Но есть еще вот это. Об этом я не подумала. Они как-то узнали, что я живу вместе с их одногруппником, и теперь относятся ко мне, как к бл*ди.

Я не в силах стоять перед ними. Своими студентами. Все пропало. Вся моя жизнь идет под откос из-за того, что я потаскуха.

С раннего возраста мечтала преподавать. Любила это дело. Только кто будет прислушиваться ко мнению преподши, которая раздвинула ноги перед студентом?

Мое тело содрогается, что-то сжимает грудь так, что я не могу вздохнуть. Смотрю на свое отражение в стеклянной дверце шкафа с комплектом гипсовых моделей для натюрморта и не узнаю себя. От этого мучительного ощущения беспомощности зрачки очень сильно расширились, а губы почти синие.

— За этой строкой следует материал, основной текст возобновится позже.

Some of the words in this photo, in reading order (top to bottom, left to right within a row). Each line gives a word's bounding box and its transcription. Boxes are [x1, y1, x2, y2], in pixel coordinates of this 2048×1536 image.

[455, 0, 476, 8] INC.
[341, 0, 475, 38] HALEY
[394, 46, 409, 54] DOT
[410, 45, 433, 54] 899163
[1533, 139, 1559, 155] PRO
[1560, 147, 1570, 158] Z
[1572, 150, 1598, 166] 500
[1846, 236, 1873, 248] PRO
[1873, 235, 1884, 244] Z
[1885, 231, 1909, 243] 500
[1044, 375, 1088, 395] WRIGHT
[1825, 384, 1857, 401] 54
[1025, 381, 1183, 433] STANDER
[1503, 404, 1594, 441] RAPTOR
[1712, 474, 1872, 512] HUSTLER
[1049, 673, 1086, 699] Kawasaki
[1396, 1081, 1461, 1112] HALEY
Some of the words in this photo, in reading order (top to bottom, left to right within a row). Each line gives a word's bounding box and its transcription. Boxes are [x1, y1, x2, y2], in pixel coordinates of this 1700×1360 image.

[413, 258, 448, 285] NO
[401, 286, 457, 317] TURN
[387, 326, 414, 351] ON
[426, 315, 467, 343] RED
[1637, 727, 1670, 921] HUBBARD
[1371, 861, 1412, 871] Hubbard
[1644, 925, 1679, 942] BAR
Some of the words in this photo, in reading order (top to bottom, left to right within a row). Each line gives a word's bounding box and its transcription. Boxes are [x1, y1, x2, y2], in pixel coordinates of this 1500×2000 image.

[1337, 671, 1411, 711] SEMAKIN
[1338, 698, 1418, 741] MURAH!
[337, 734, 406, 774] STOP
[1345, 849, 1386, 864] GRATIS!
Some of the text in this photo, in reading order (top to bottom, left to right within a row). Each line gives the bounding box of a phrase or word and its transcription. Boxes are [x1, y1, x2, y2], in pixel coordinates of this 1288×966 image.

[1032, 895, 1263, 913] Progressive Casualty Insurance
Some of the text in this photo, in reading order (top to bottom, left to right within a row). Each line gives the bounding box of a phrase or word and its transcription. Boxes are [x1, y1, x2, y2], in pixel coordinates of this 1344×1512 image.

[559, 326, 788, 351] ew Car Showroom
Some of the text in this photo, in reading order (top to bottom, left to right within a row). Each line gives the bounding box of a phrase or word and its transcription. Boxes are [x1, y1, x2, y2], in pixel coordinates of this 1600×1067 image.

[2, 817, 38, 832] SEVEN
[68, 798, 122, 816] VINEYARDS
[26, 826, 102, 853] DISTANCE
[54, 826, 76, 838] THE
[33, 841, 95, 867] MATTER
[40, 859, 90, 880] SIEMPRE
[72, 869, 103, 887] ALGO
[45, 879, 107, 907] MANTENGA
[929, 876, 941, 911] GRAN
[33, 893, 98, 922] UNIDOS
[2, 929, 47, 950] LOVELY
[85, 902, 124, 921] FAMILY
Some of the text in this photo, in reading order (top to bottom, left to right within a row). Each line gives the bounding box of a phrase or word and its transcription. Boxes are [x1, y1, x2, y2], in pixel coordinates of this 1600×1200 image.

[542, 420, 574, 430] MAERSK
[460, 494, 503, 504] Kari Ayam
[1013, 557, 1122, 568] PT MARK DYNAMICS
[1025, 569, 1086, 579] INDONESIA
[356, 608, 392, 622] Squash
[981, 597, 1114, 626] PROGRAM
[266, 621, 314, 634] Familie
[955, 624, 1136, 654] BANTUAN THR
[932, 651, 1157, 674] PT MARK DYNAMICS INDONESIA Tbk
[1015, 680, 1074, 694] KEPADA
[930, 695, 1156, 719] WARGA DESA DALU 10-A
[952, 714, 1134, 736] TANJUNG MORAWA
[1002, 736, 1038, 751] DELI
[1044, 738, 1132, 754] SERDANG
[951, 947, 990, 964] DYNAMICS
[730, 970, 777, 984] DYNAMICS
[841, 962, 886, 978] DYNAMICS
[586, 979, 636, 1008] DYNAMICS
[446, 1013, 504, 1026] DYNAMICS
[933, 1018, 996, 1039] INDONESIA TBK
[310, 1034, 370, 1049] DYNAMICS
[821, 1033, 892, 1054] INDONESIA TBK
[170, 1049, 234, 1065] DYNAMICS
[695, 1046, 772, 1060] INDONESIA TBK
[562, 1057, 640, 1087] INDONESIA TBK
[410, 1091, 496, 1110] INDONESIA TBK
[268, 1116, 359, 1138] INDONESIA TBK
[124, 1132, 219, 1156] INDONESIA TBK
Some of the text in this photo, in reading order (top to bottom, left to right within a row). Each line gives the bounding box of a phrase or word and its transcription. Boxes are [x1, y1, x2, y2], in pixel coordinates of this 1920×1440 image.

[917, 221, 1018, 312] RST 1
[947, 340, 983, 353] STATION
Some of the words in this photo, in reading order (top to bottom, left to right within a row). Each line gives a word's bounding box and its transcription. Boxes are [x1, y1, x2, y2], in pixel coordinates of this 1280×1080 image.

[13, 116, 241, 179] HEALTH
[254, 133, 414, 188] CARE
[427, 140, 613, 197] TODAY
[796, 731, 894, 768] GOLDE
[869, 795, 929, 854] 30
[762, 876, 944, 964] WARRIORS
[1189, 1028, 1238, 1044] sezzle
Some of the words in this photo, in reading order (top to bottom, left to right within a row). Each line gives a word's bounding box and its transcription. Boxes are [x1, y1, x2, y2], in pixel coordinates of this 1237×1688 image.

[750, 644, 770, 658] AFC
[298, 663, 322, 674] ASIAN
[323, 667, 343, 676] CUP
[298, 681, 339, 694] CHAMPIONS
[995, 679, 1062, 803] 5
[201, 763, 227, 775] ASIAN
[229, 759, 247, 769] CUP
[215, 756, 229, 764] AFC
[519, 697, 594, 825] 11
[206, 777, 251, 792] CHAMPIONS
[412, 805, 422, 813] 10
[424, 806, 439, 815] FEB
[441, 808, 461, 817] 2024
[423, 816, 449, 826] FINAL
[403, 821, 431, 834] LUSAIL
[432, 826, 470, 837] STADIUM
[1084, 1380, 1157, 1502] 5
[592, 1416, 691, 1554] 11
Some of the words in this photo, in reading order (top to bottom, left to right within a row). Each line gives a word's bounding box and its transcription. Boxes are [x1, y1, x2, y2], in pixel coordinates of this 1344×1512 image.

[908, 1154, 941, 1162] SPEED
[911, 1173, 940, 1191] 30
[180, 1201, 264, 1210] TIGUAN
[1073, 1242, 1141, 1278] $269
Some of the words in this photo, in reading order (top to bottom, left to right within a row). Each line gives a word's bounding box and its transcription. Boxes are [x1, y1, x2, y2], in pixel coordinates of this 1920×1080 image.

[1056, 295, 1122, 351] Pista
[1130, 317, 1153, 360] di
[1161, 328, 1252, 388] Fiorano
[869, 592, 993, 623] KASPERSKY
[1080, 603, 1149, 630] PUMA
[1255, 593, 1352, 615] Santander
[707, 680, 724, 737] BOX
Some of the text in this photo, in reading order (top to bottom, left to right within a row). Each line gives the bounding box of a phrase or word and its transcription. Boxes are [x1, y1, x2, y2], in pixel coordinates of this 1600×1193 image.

Перевожу взгляд на студентов. Большинство сидят, уткнувшись в свои листы. Они взяли ручки в руки и ждут. И я вспоминаю, как однажды мне очень хорошо сказал теперь уже бывший муж: «Жанночка, столкнувшись лицом к лицу со своими страхами, ты понимаешь, что никуда они не денутся. Важно, твое к ним отношение! Надо научиться принимать проблемную ситуацию и искать ее светлую сторону!»

У Юры много недостатков, но мужик он умный. Не отнять.

Да, студенты и преподаватели будут обсуждать меня и смеяться, возможно придумают мне какое-то унизительное прозвище, но никто из них не сможет отобрать у меня те минуты счастья и безумной любви, которые подарил мне Волков. И я должна просто пережить это. Я обязана справиться.

А то, что у нас такая шикарная физическая близость, на которую только что намекал Семененко? Ну что же поделать. Пусть завидуют. Интим — он и вправду помогает нам любить. Без обмена ласками в любви остается неисполненным что-то важное. И такие, как мы с Волковым, любовники, глубоко любящие друг друга, получают от постели особое наслаждение.

И, несмотря на осуждение общества, в нашем ежедневном акте любви исчезает разница в возрасте, и мы двое сливаемся воедино. В минуты страсти у нас с Волковым словно одно тело на двоих. Всепобеждающее наслаждение.

Еще раз смотрю на группу. Многие из смеявшихся надо мной девочек и мальчиков могут похвастаться чем-то похожим? Вряд ли.

Когда мы любим, а мы с Андреем сто процентов любим, мы достигаем совершенно новых вершин. Тому же Семененко такое и не снилось.